Mikael Tavares Medeiros foi indicado ao cargo pelo PTB e é responsável por autorizar pagamentos aos fornecedores. O pai de Mikael é aliado do líder do PTB, o deputado federal Jovair Arantes

Rapaz tem 19 anos (Foto: G1)
O Ministério do Trabalho nomeou um jovem de 19 anos para controlar contratos milionários da pasta. Mikael Tavares Medeiros foi indicado ao cargo pelo PTB e é responsável por autorizar pagamentos que chegam a R$ 473 milhões por ano aos fornecedores. O caso foi revelado nesta sexta-feira (9) pelo jornal "O Globo".

A experiência de trabalho do jovem é como vendedor numa loja de óculos. Hoje, o salário dele no ministério é de R$ 5.440.

Mikael Tavares Medeiros é filho do delegado da Polícia Cvil de Goiás Cristiomário Medeiros, que foi candidato derrotado a prefeito de Planaltina de Goiás em 2016 pelo PTB.

O pai de Mikael é aliado do líder do PTB, o deputado federal Jovair Arantes, que teria sido o responsável pela indicação do garoto ao Ministério do Trabalho.

A norma para ocupação de cargos comissionados é da década de 60 e genérica. Para o cientista político Alexandre Bandeira é preciso quem sejam estipulados critérios claros para esses cargos.

"Eles deveriam ser feitos pensando principalmente a questão do critério técnico, de um bom currículo desse profissional e até mesmo de um tempo desse profissional no mercado para que ele possa exercer bem as suas funções", afirma Bandeira.

Gestor financeiro
Mikael foi nomeado para o ministério em outubro do ano passado para coordenar a área de recursos logísticos. A nomeação foi assinada pelo então ministro do Trabalho, Ronaldo Nogueira (PTB).

Dois meses após a contratação, Mikael mudou de função: passou a ser gestor financeiro na coordenação, com o mesmo salário.

Ele é reponsável pela execução orçamentária, financeira e patrimonial do ministério do trabalho. Um dos contratos de responsabilidade de Mikael é com a empresa B2T.

No ano passado, auditores da Controladoria-Geral da União (CGU) recomendaram que a empresa e os responsáveis pelo contrato no Ministério do Trabalho devolvessem R$ 4,6 milhões por causa de sobrepreço nos serviços.

Um dia depois de Mikael assumir a função, o ministério liberou uma ordem de pagamento de R$ 22 milhões de reais à empresa.

O que diz o Ministério
O Ministério do Trabalho disse que a ordem de pagamento teve o aval da Advocacia-geral da União (AGU) e que a contratação de Mikael não levou em conta a idade do rapaz, mas sim a conduta ilibada para exercer o cargo.

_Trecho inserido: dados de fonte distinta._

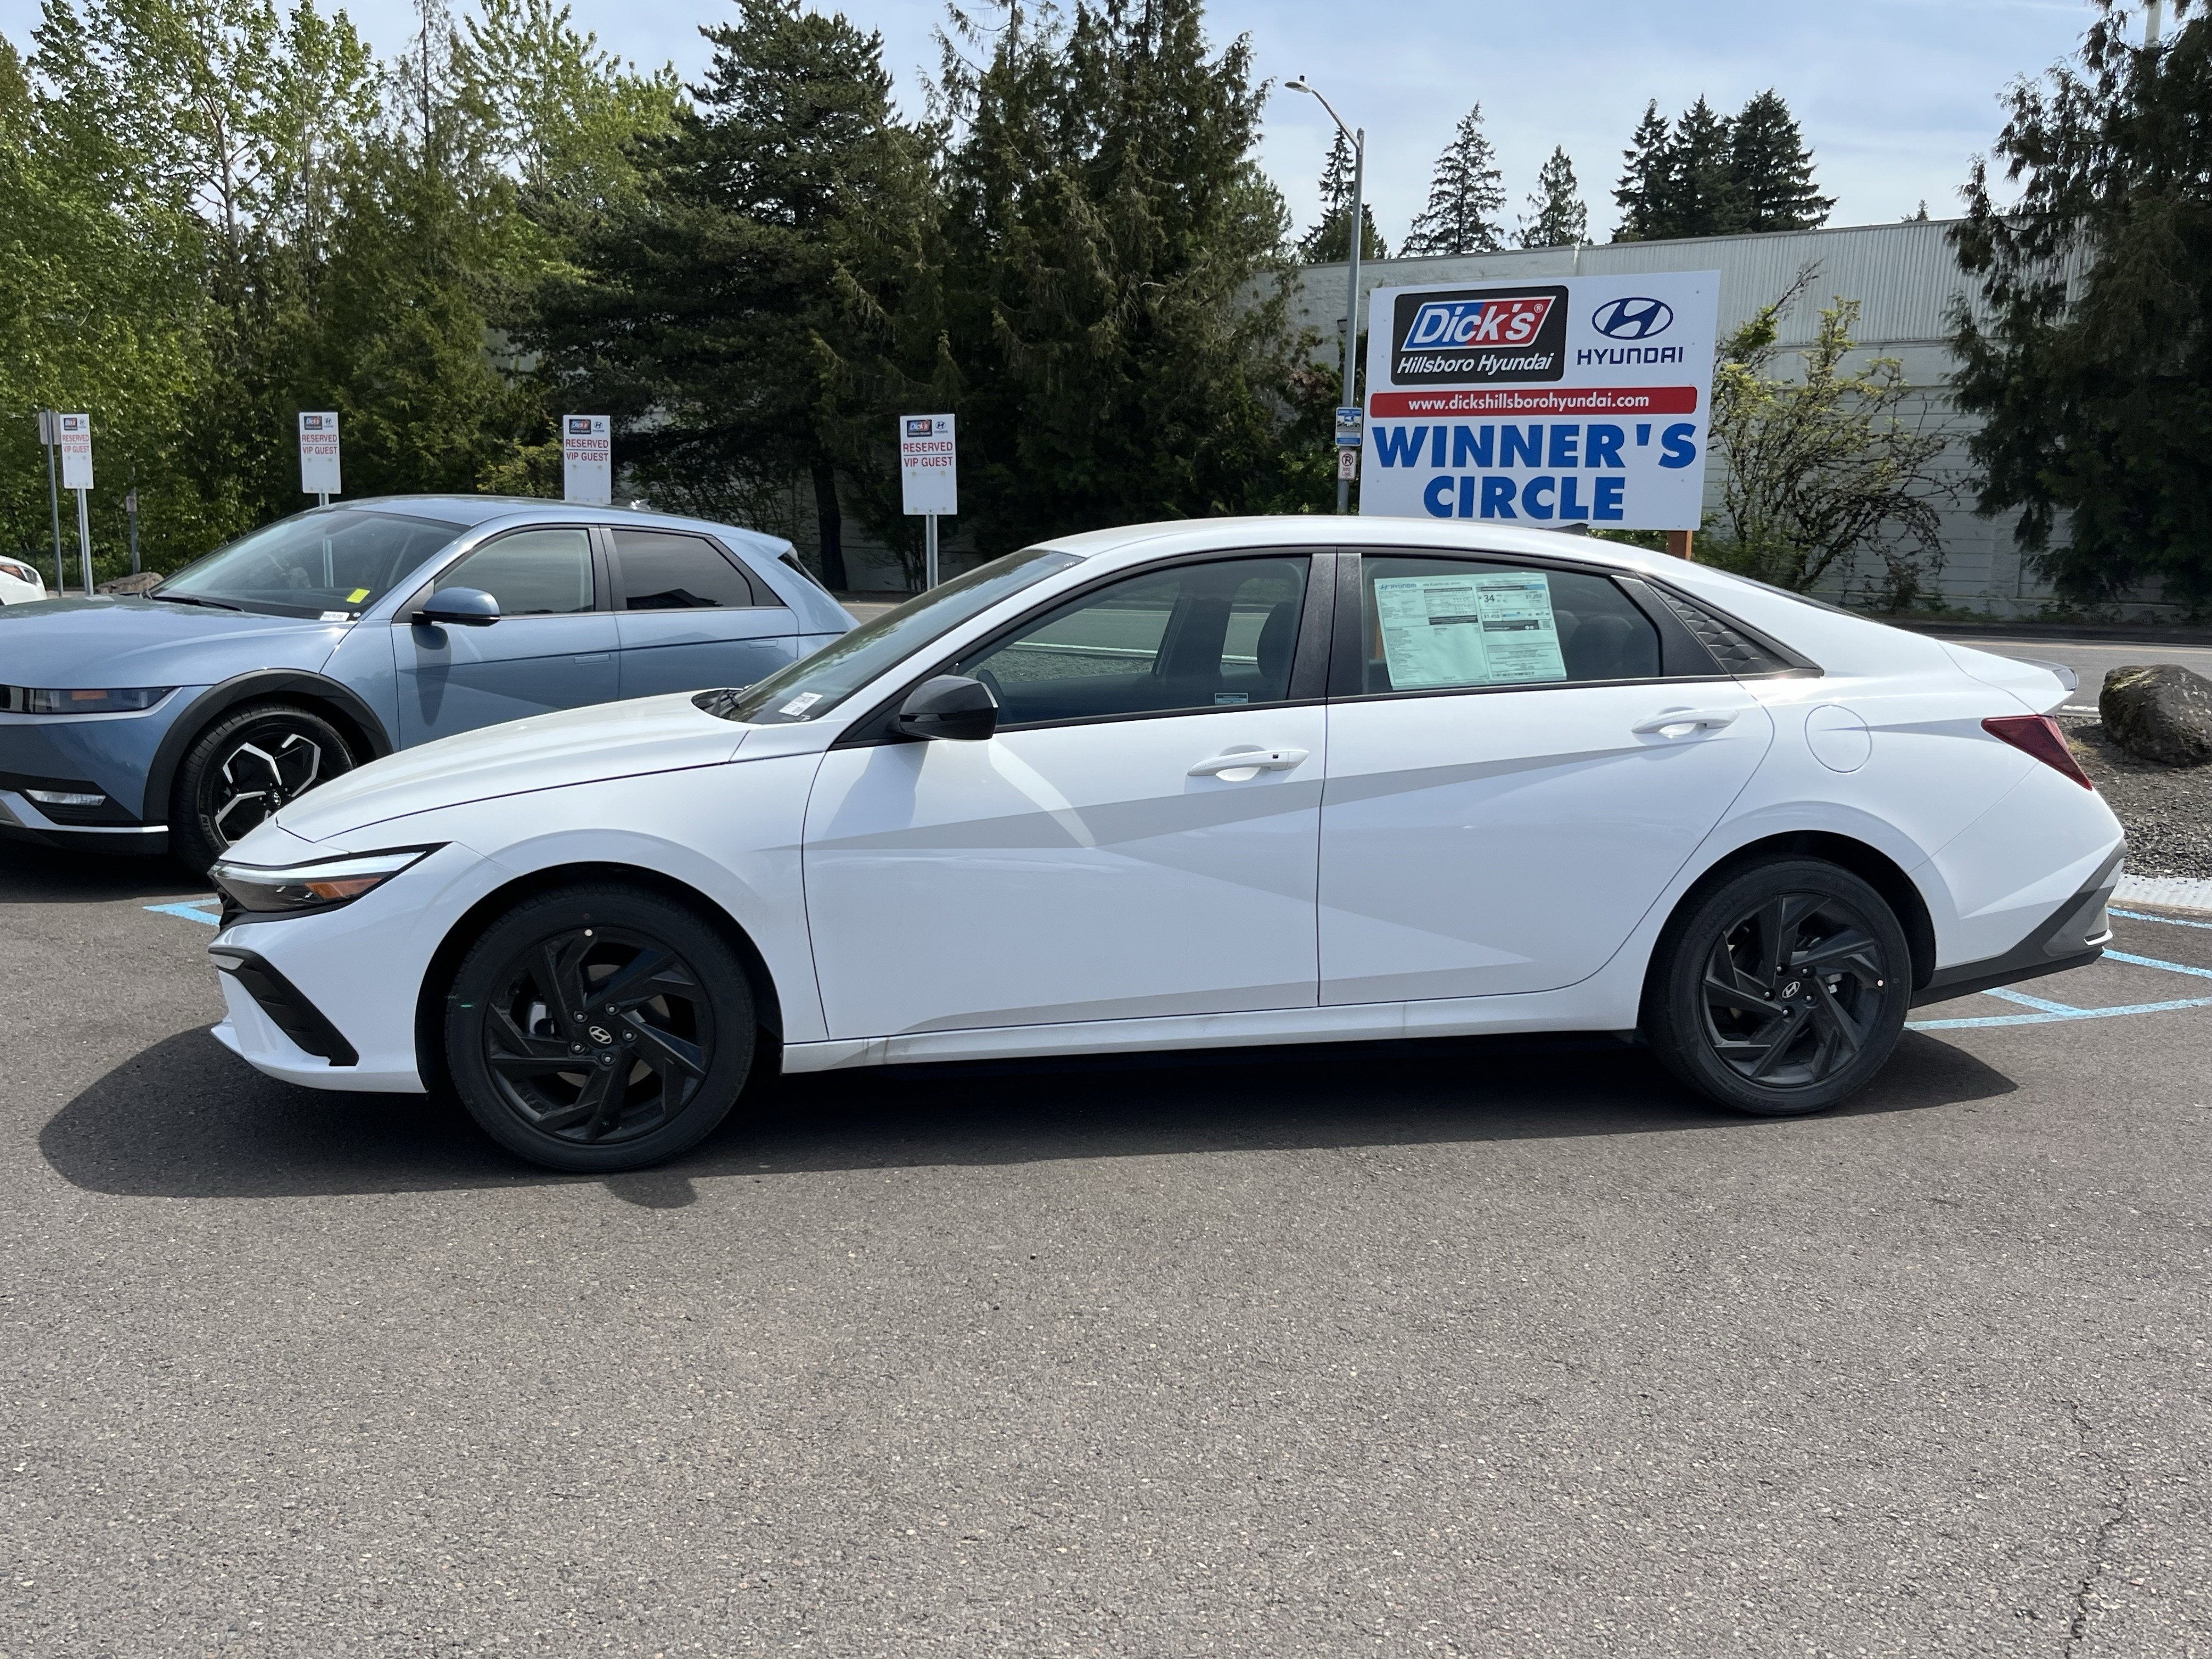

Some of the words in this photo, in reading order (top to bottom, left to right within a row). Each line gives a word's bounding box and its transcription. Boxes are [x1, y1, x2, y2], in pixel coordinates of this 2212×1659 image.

[1577, 347, 1683, 365] HYUNDAI
[1397, 356, 1475, 374] Hillsboro
[1477, 353, 1555, 376] Hyundai
[1408, 392, 1650, 411] www.dickshillsborohyundai.com
[302, 434, 337, 443] RESERVED
[565, 439, 608, 448] RESERVED
[315, 446, 337, 455] GUEST
[903, 442, 953, 453] RESERVED
[1372, 423, 1697, 469] WINNER'S
[566, 452, 578, 460] VIP
[582, 452, 608, 461] GUEST
[904, 457, 918, 467] VIP
[921, 456, 953, 467] GUEST
[1424, 476, 1626, 521] CIRCLE
[1483, 594, 1495, 602] 34

Antes de assumir a função, Mikael já respondia na Justiça por porte de drogas. Um mês depois de ser nomeado ele foi flagrado de novo por policiais com uma porção de maconha.

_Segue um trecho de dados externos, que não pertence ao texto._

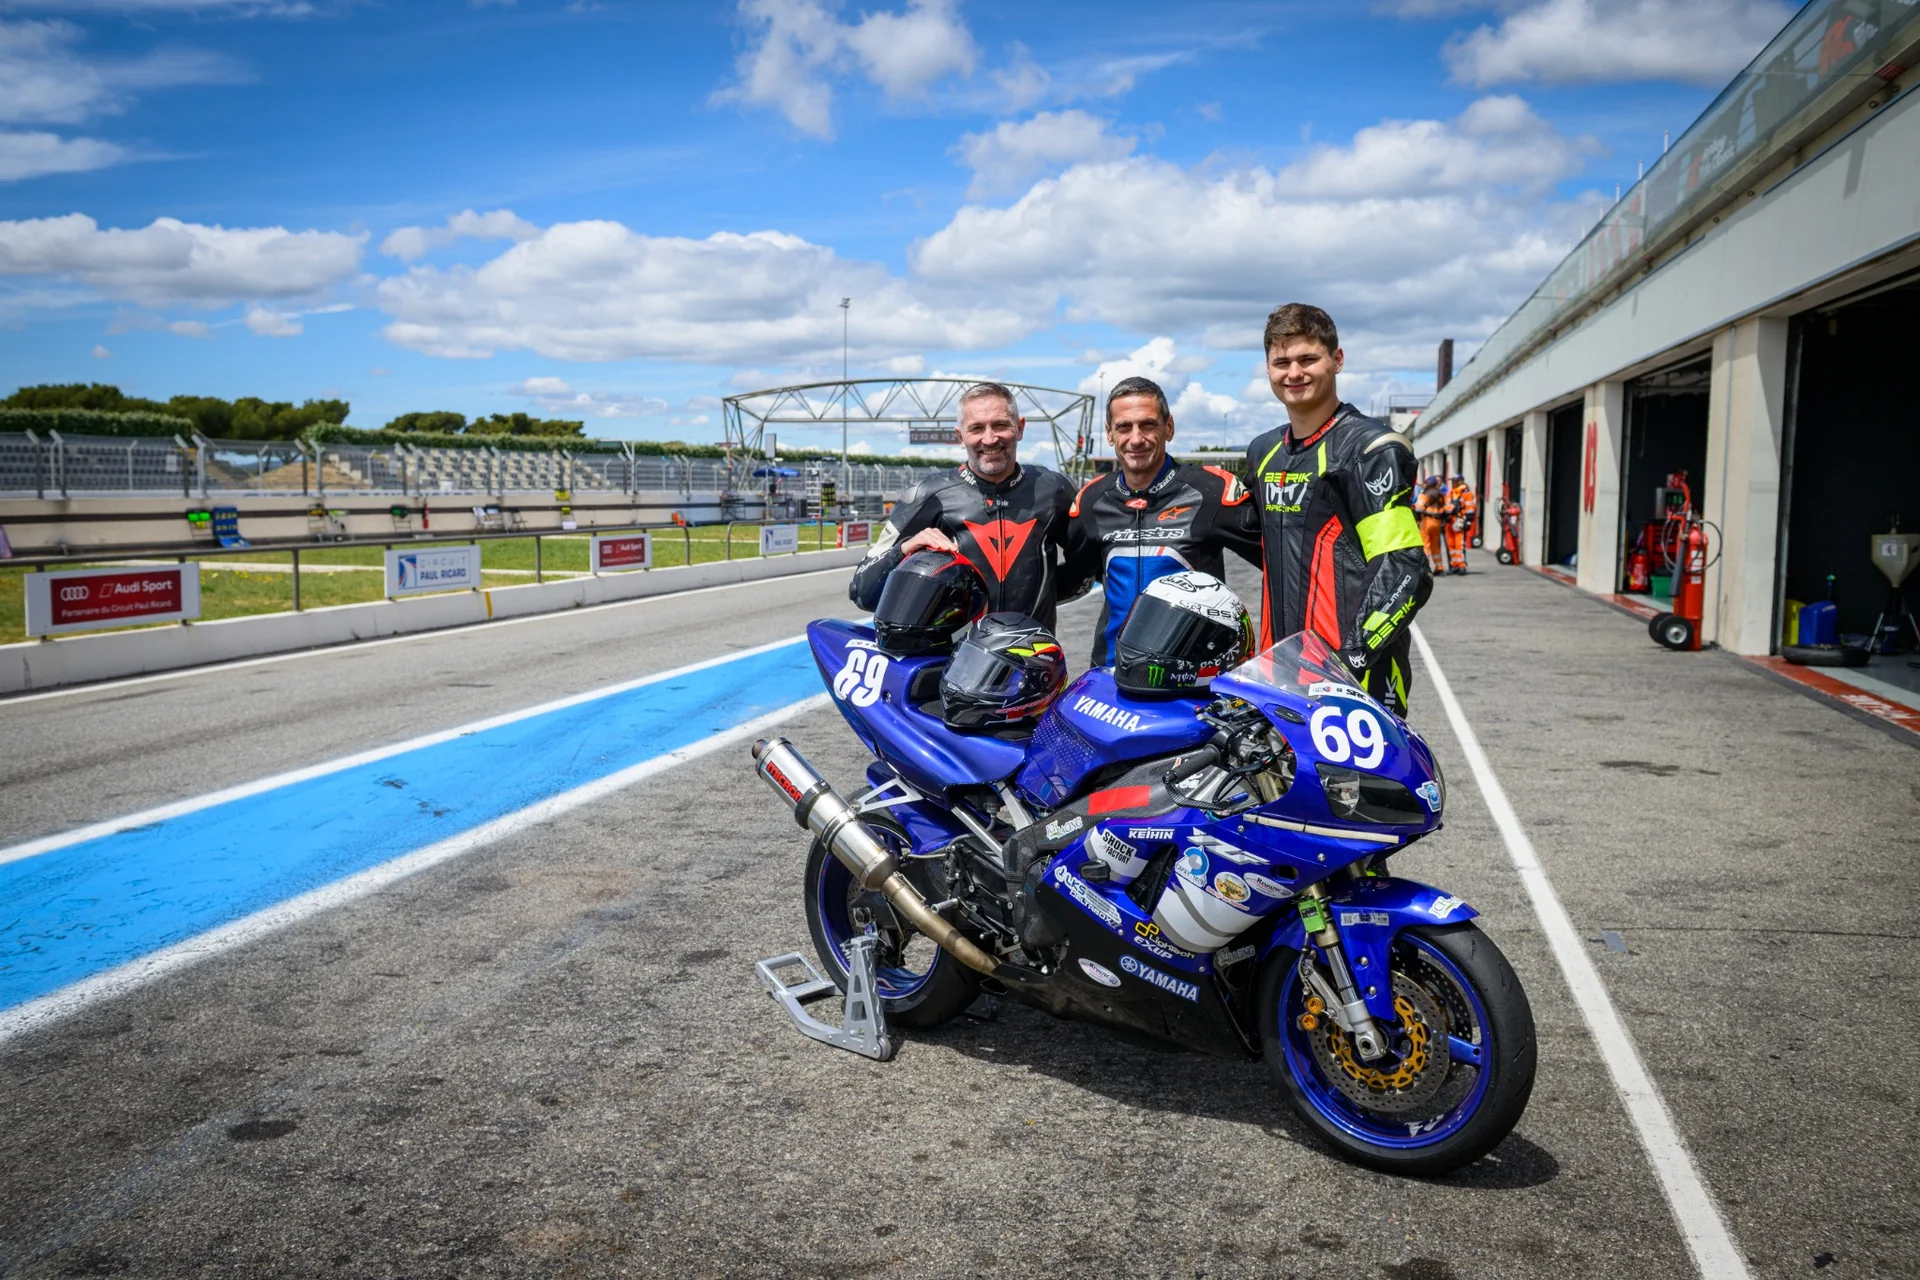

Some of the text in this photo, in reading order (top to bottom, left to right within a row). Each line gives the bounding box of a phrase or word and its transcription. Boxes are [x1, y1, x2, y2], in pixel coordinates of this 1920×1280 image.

[1265, 504, 1301, 512] RACING
[420, 557, 466, 568] CIRCUIT
[420, 568, 467, 580] PAUL RICARD
[114, 580, 173, 594] Audi Sport
[61, 607, 100, 617] Partenaire
[100, 605, 110, 614] du
[111, 604, 134, 613] Circuit
[135, 602, 149, 610] Paul
[1207, 608, 1232, 618] BS
[1367, 595, 1416, 650] BERIK
[833, 649, 889, 707] 69
[1073, 695, 1140, 732] YAMAHA
[1310, 706, 1385, 769] 69
[1128, 827, 1175, 840] KEIHIN
[1102, 831, 1135, 858] SHOCK
[1105, 845, 1131, 865] FACTORY
[1133, 935, 1173, 960] EXUP
[1137, 964, 1199, 1001] YAMAHA

O ministério disse, ainda, que todos os pagamentos seguem rígida rotina de checagem e conferência,e que os pagamentos à empresa B2T seguiram os mesmos padrões.

A assessoria da B2T informou que os diretores da empresa não conhecem Mikael Medeiros.

A TV Globo tentou contato com o deputado Jovair Arantes, mas ele ainda não retornou as ligações.